Animal crackers

“Animals are not brethren, they are not underlings; they are other nations, caught with ourselves in the net of life and time.” – Henry Beston

I grew up in a pet-less household, and despite reading Black Beauty, Dr. Doolittle, and Beatrix Potter, I regarded animals as things: cute and/or impressive things that were fun to watch at the zoo, or things that might have been cute and/or impressive once, but that we were nevertheless now eating.

As I got older, I tried to be polite about other people’s pets, but to me they were hairy nuisances, forever barking, whining, pawing, and in one case, barfing on my shoes. (It was an English dog that did the barfing, and we hadn’t even been formally introduced!)

Too easy to last

So how did I become this person who stands on a stepladder to capture spiders and crane flies in her house and set them free outside?

First cat Annie

Well, I got acquired by a cat. I fed her the first time just to make her go away (I know, right?). But of course she stuck around, and I began minding that she was outside, with January rain drenching her fur, which, now I came to look at it, was actually quite beautiful. Anyway, it could have been me outside in the wet and the cold, and I’d want to be let in, wouldn’t I?

The thin end of the wedge

So I let Annie in. Then cats in general. Then dogs. Birds. Sheep. (I’m referring to my heart here. There isn’t room in my house for all these animals.)

All the way to Orkney to photograph sheep
I went all the way to the Orkney Islands to take photos of these sheep

I have more pictures of English sheep than of my English friends. At parties, I will sometimes leave the people, fascinating as they are, to go and sit with the dog for a while.

Second cat Luna
Second cat Luna

Letting animals in has brought me joy mixed with considerable pain, because, let’s face it, nature is basically just one big restaurant. A design in which so many beautiful creatures can survive only by devouring one another: whose bright idea was that?
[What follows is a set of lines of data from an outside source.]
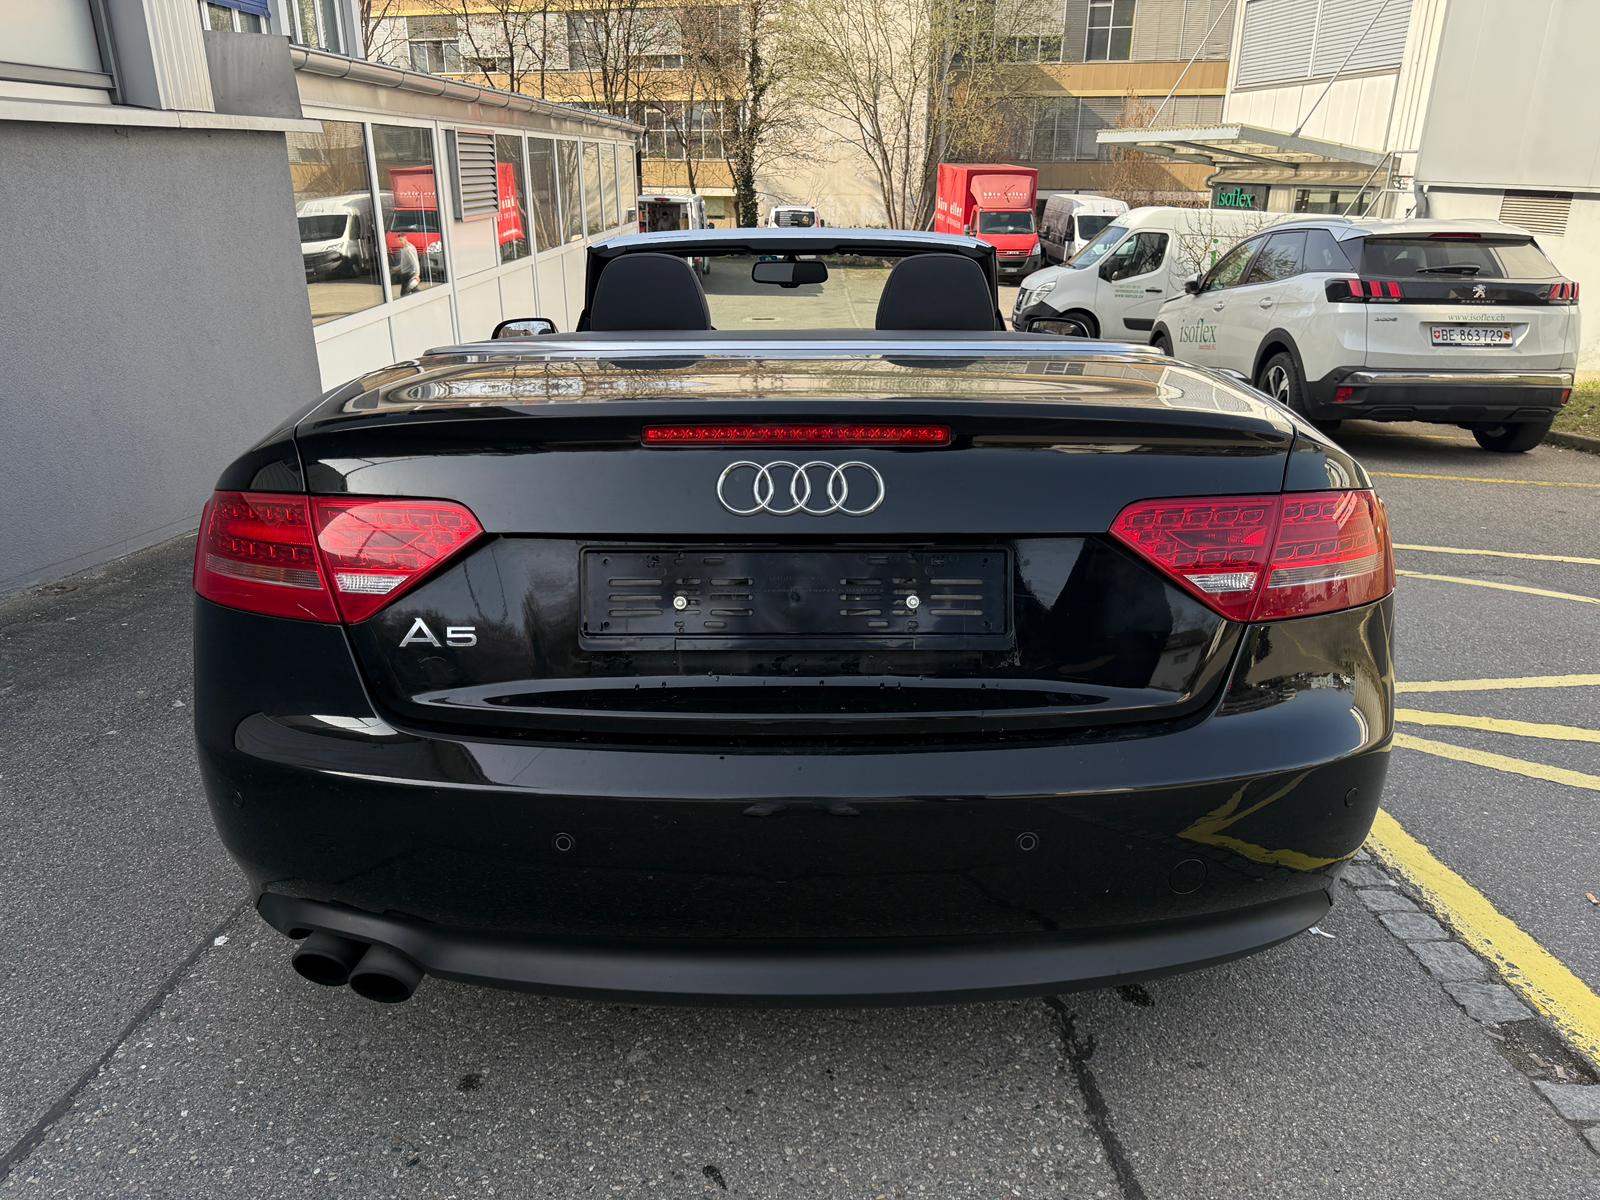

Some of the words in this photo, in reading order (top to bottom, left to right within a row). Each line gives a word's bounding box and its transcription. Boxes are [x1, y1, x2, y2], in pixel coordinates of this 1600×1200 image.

[1217, 185, 1254, 208] isoflex
[1447, 312, 1506, 323] www.isoflex.ch
[1179, 317, 1217, 343] isoflex
[398, 617, 479, 648] A5
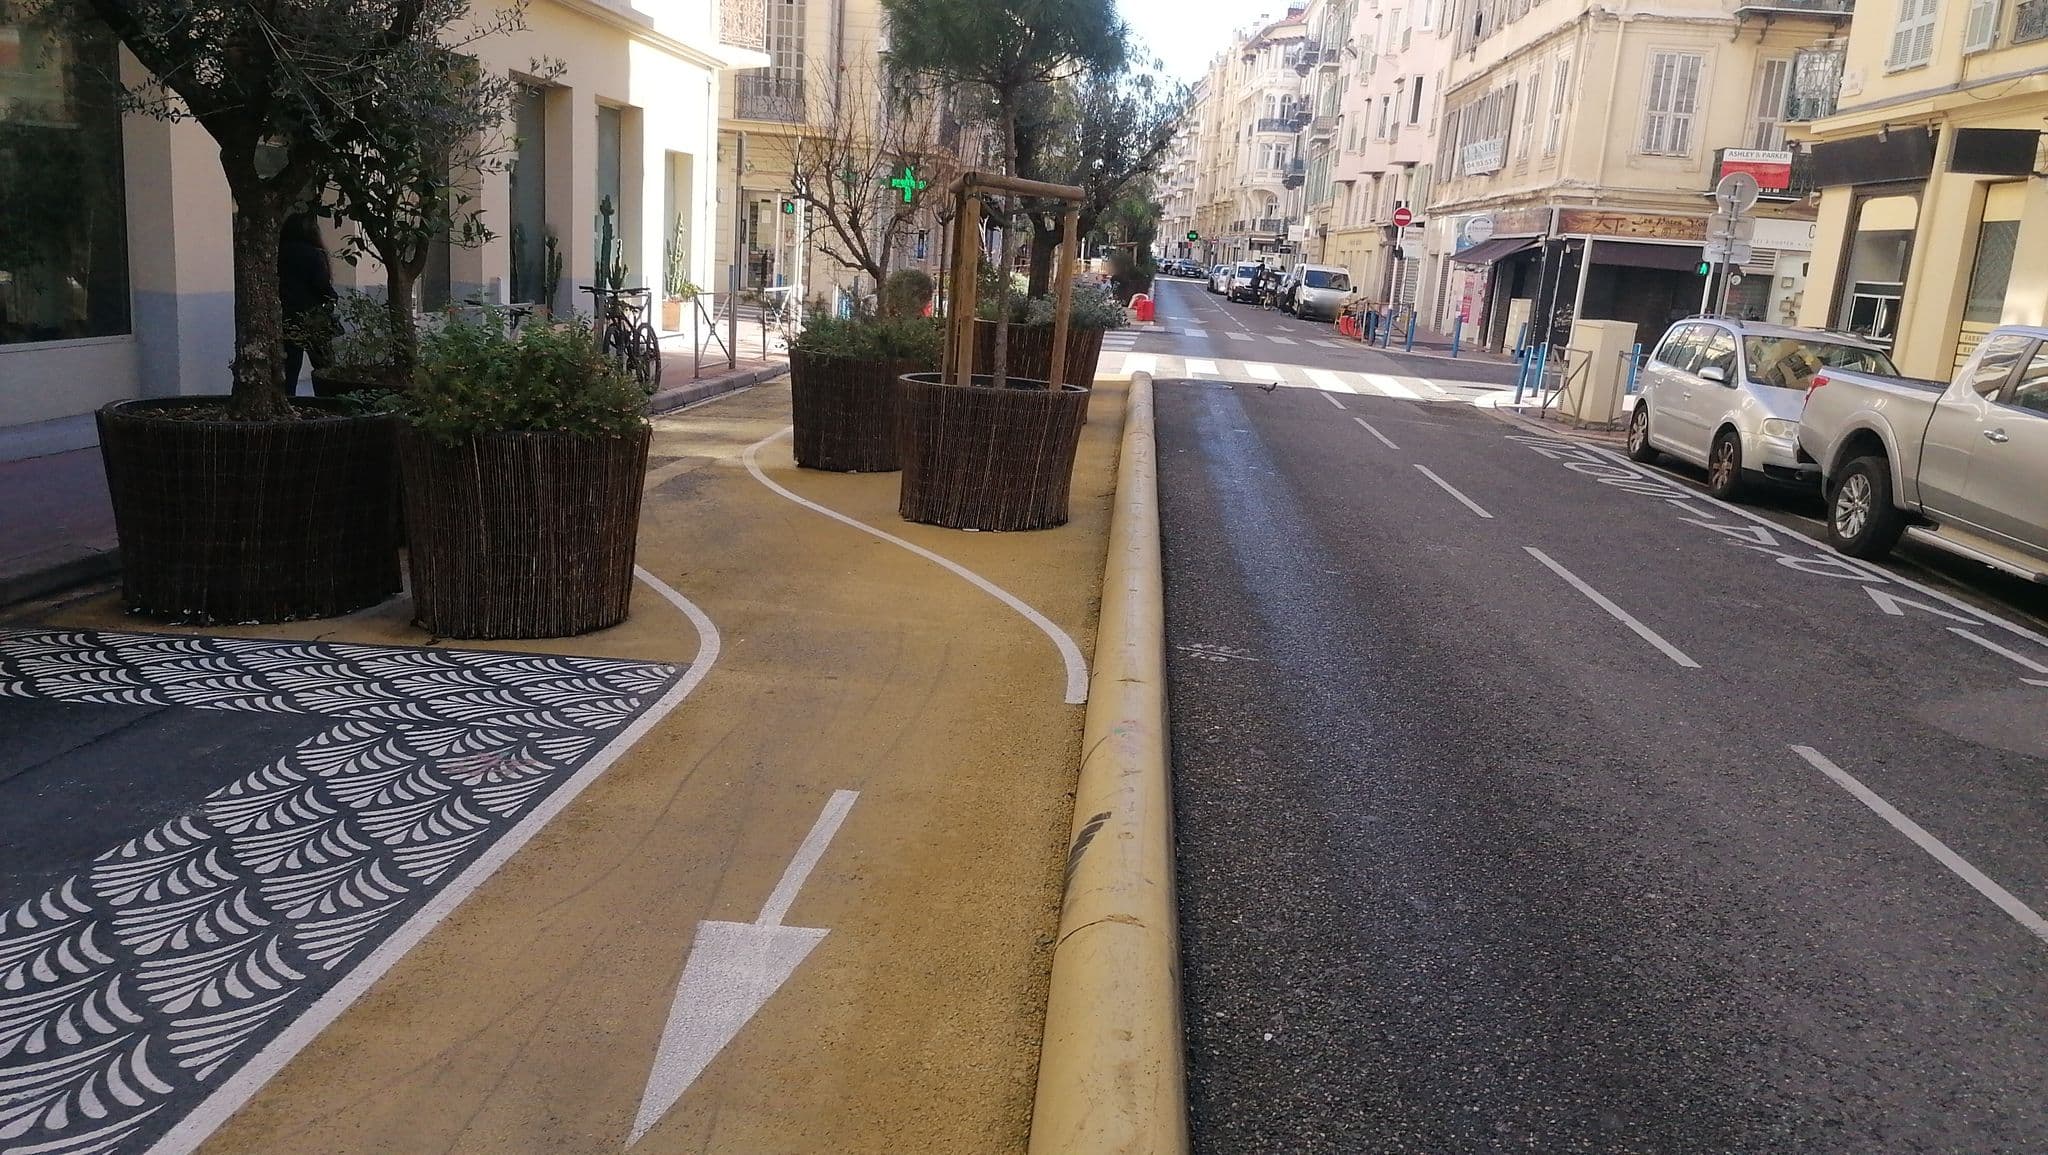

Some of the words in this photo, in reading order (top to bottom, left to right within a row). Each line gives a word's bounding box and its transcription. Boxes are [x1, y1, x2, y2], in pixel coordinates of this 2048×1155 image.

[1728, 150, 1755, 158] ASHLEY
[1762, 152, 1788, 160] PARKER
[1505, 435, 2048, 688] IVRAISONS
And my childhood ambition was challenging enough without including animals. When I grew up, I planned to end war, poverty, hunger, disease, and racism. I spent hours in the back yard pretending to be Robin Hood, then Zorro, then Superman … all crusaders for the right, all in disguise. But my disguise was better. Who would suspect a skinny near-sighted little girl of being a super hero?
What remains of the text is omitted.